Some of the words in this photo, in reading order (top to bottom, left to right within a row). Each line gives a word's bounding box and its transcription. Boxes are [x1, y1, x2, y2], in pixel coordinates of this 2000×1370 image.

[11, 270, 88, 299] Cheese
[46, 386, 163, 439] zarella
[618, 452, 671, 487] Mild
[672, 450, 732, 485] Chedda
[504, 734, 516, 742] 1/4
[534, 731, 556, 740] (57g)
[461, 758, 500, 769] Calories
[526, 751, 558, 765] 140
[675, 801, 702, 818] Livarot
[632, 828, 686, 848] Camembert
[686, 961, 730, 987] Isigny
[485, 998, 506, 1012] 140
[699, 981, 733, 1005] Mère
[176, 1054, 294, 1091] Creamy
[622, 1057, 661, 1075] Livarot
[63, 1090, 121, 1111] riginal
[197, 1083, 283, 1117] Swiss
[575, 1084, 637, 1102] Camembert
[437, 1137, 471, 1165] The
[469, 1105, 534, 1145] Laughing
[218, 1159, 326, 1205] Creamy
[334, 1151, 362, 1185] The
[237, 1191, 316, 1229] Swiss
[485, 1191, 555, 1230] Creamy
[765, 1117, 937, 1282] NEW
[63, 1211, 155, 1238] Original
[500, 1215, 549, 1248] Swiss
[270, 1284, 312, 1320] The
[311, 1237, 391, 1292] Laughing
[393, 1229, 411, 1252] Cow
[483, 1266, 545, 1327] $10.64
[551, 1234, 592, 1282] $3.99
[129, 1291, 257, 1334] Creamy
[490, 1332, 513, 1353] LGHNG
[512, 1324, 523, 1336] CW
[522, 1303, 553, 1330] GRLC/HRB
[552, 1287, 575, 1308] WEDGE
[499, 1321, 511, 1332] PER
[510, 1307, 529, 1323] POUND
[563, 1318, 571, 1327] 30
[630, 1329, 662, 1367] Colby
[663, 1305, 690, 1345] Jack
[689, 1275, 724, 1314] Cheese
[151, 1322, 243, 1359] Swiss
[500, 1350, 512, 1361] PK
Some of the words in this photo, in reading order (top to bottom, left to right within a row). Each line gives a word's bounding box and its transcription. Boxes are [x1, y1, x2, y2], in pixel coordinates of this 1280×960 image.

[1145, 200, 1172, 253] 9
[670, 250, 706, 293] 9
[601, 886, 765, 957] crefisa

-------

WHAT TO WORK ON:
Repeat every record above precisely.

PROBLEM SOLUTION:
Some of the words in this photo, in reading order (top to bottom, left to right within a row). Each line gives a word's bounding box and its transcription. Boxes are [x1, y1, x2, y2], in pixel coordinates of this 2000×1370 image.

[11, 270, 88, 299] Cheese
[46, 386, 163, 439] zarella
[618, 452, 671, 487] Mild
[672, 450, 732, 485] Chedda
[504, 734, 516, 742] 1/4
[534, 731, 556, 740] (57g)
[461, 758, 500, 769] Calories
[526, 751, 558, 765] 140
[675, 801, 702, 818] Livarot
[632, 828, 686, 848] Camembert
[686, 961, 730, 987] Isigny
[485, 998, 506, 1012] 140
[699, 981, 733, 1005] Mère
[176, 1054, 294, 1091] Creamy
[622, 1057, 661, 1075] Livarot
[63, 1090, 121, 1111] riginal
[197, 1083, 283, 1117] Swiss
[575, 1084, 637, 1102] Camembert
[437, 1137, 471, 1165] The
[469, 1105, 534, 1145] Laughing
[218, 1159, 326, 1205] Creamy
[334, 1151, 362, 1185] The
[237, 1191, 316, 1229] Swiss
[485, 1191, 555, 1230] Creamy
[765, 1117, 937, 1282] NEW
[63, 1211, 155, 1238] Original
[500, 1215, 549, 1248] Swiss
[270, 1284, 312, 1320] The
[311, 1237, 391, 1292] Laughing
[393, 1229, 411, 1252] Cow
[483, 1266, 545, 1327] $10.64
[551, 1234, 592, 1282] $3.99
[129, 1291, 257, 1334] Creamy
[490, 1332, 513, 1353] LGHNG
[512, 1324, 523, 1336] CW
[522, 1303, 553, 1330] GRLC/HRB
[552, 1287, 575, 1308] WEDGE
[499, 1321, 511, 1332] PER
[510, 1307, 529, 1323] POUND
[563, 1318, 571, 1327] 30
[630, 1329, 662, 1367] Colby
[663, 1305, 690, 1345] Jack
[689, 1275, 724, 1314] Cheese
[151, 1322, 243, 1359] Swiss
[500, 1350, 512, 1361] PK
Some of the words in this photo, in reading order (top to bottom, left to right within a row). Each line gives a word's bounding box and its transcription. Boxes are [x1, y1, x2, y2], in pixel coordinates of this 1280×960 image.

[1145, 200, 1172, 253] 9
[670, 250, 706, 293] 9
[601, 886, 765, 957] crefisa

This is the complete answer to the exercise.